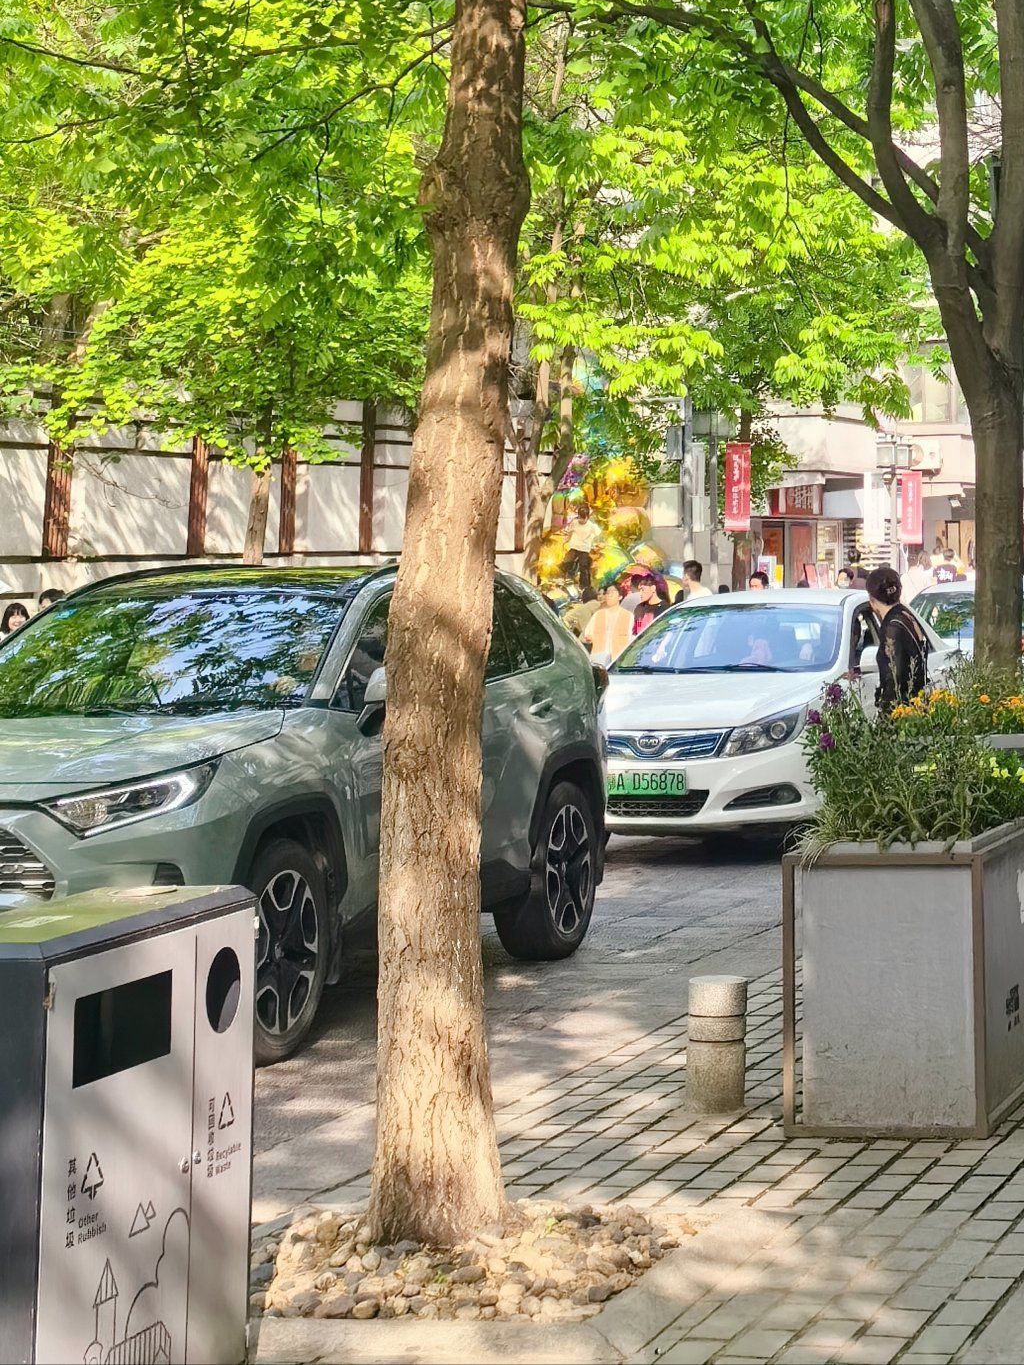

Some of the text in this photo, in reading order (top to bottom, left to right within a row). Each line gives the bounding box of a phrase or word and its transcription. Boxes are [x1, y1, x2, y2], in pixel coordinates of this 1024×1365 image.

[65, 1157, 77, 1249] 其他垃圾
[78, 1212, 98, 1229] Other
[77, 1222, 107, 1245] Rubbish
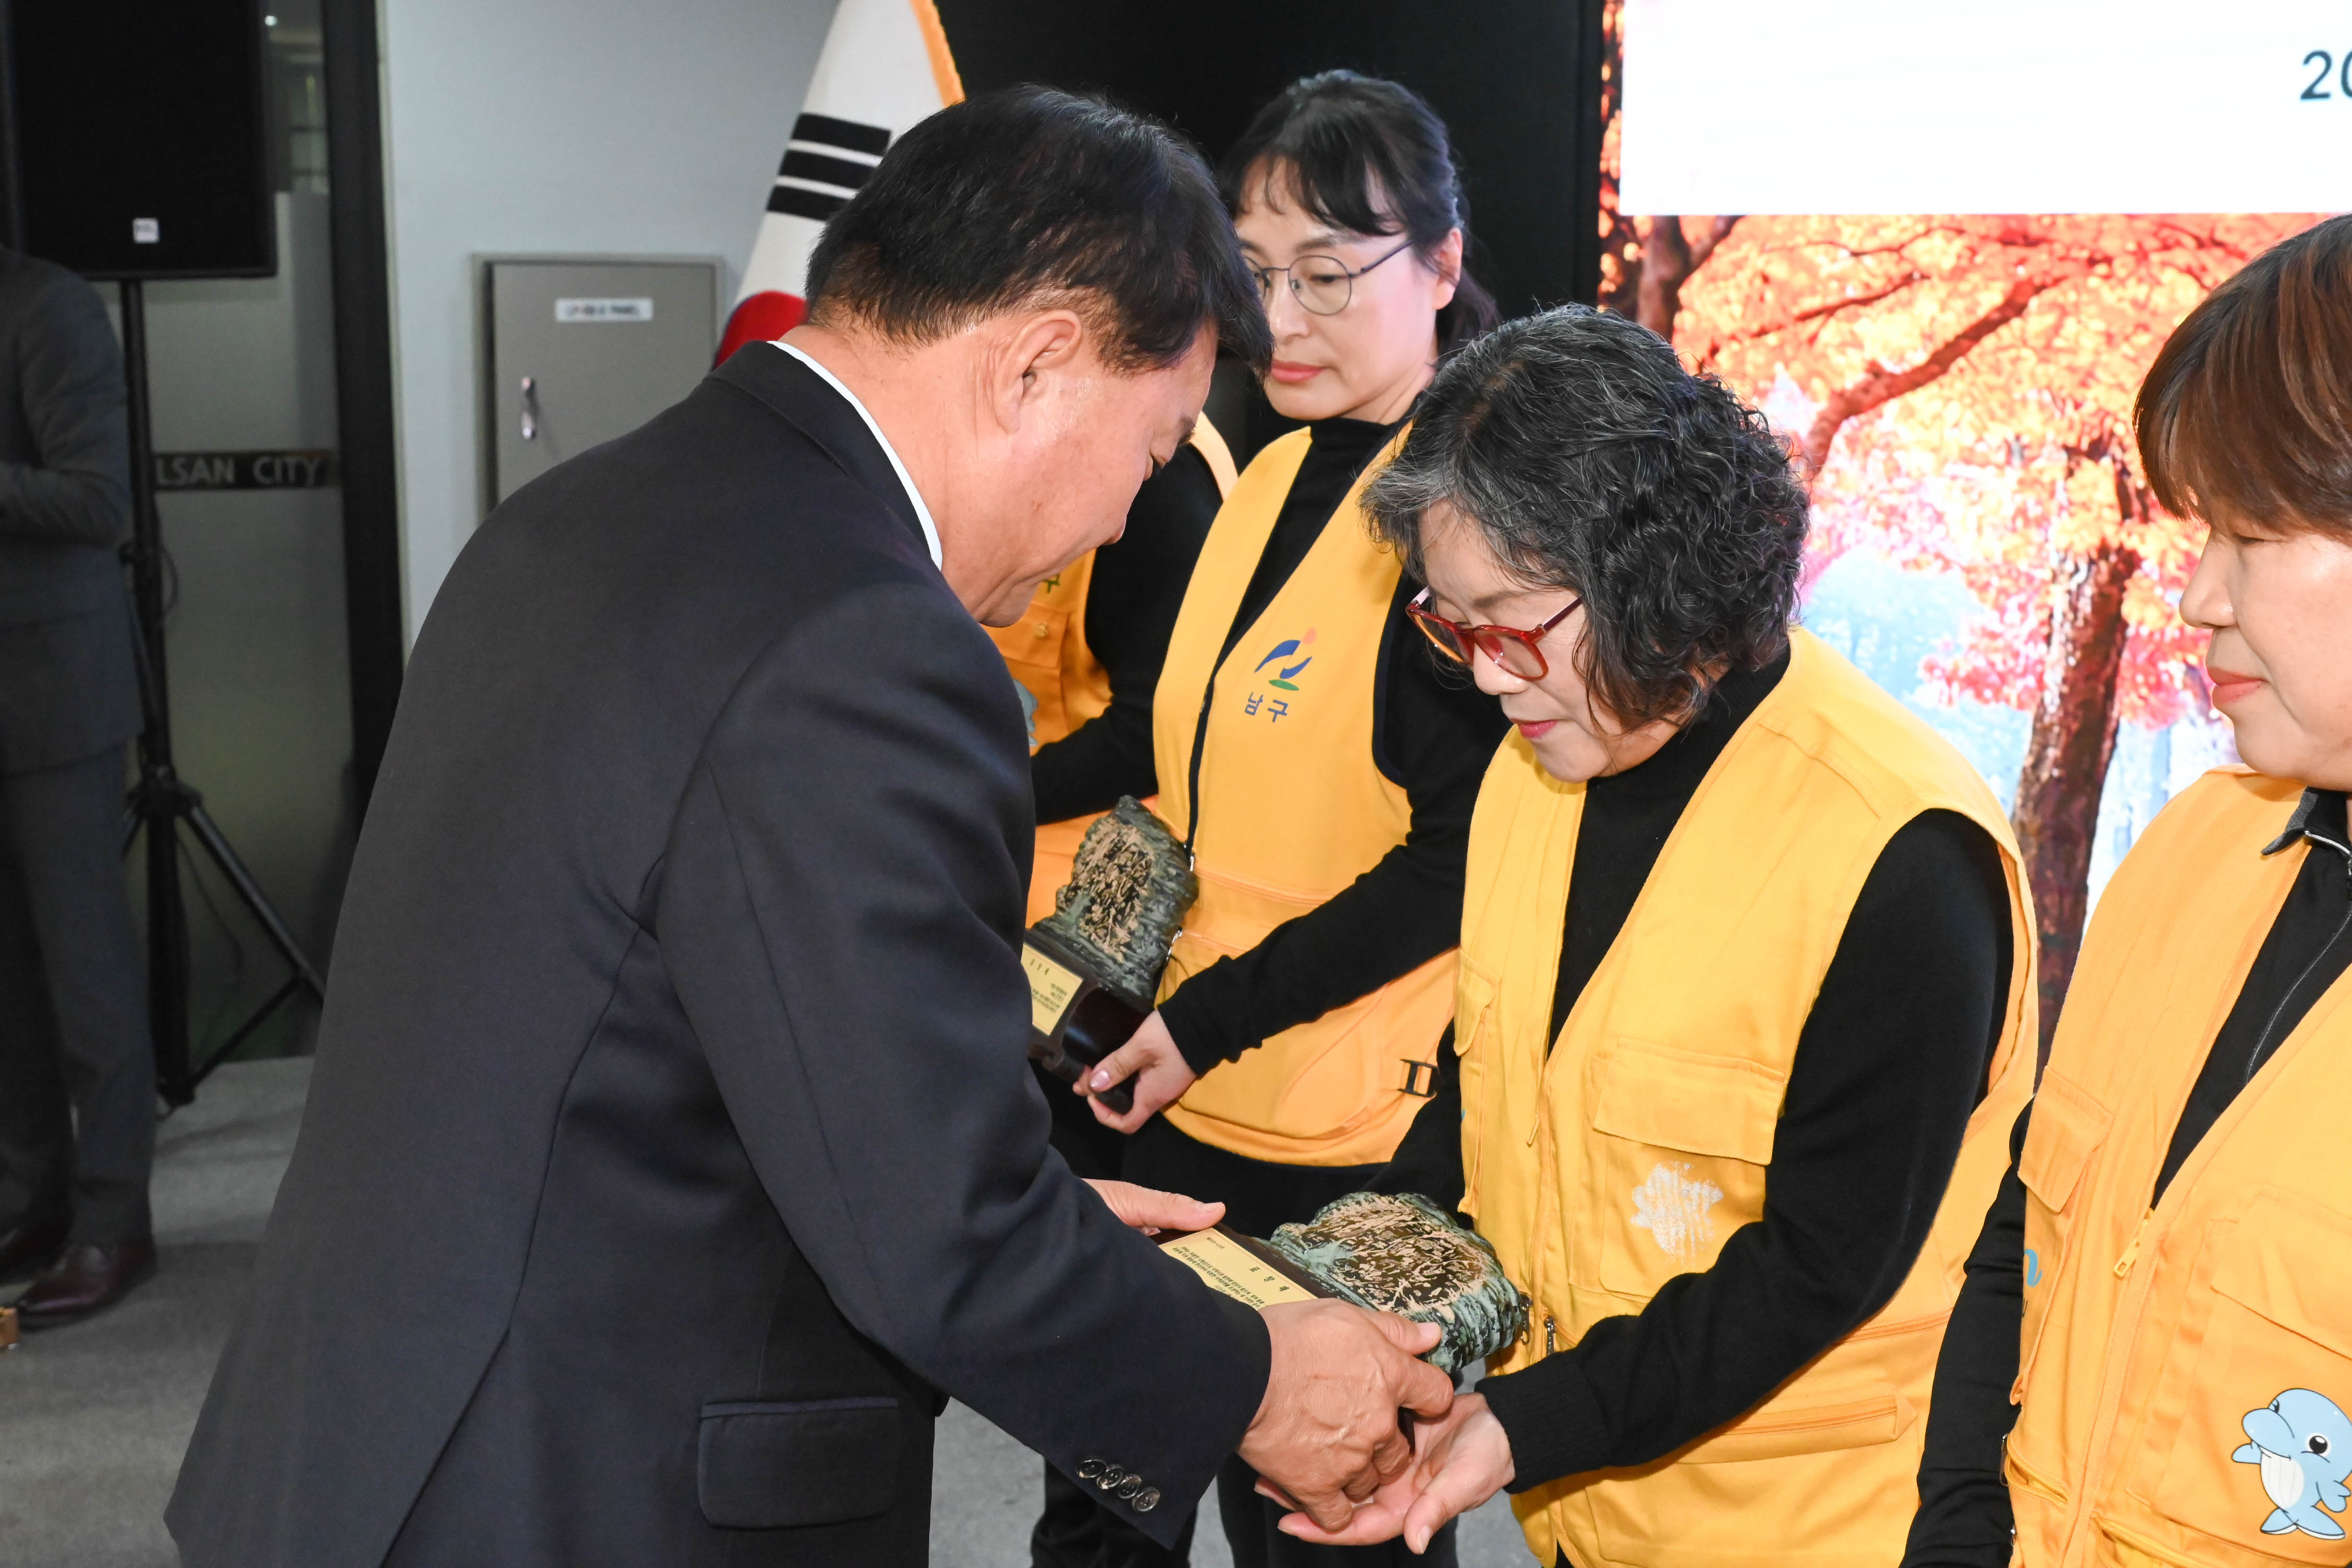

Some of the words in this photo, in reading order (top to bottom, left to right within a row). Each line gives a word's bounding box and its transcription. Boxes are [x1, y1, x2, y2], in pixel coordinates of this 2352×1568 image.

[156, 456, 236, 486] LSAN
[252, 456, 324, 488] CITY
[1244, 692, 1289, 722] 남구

____

▶ **TASK STATEMENT**
In the copy, no picture may appear; the records themselves must be output exactly.

▶ **RESPONSE**
Some of the text in this photo, in reading order (top to bottom, left to right within a row). Each line gives the bounding box of a phrase or word and its transcription. Boxes are [x1, y1, x2, y2], in pixel coordinates of this 1024×1365 image.

[65, 1157, 77, 1249] 其他垃圾
[78, 1212, 98, 1229] Other
[77, 1222, 107, 1245] Rubbish

Some of the words in this photo, in reading order (top to bottom, left to right within a row). Each line gives a word's bounding box and its transcription. Boxes are [x1, y1, x2, y2], in pixel coordinates of this 2352×1568 image.

[156, 456, 236, 486] LSAN
[252, 456, 324, 488] CITY
[1244, 692, 1289, 722] 남구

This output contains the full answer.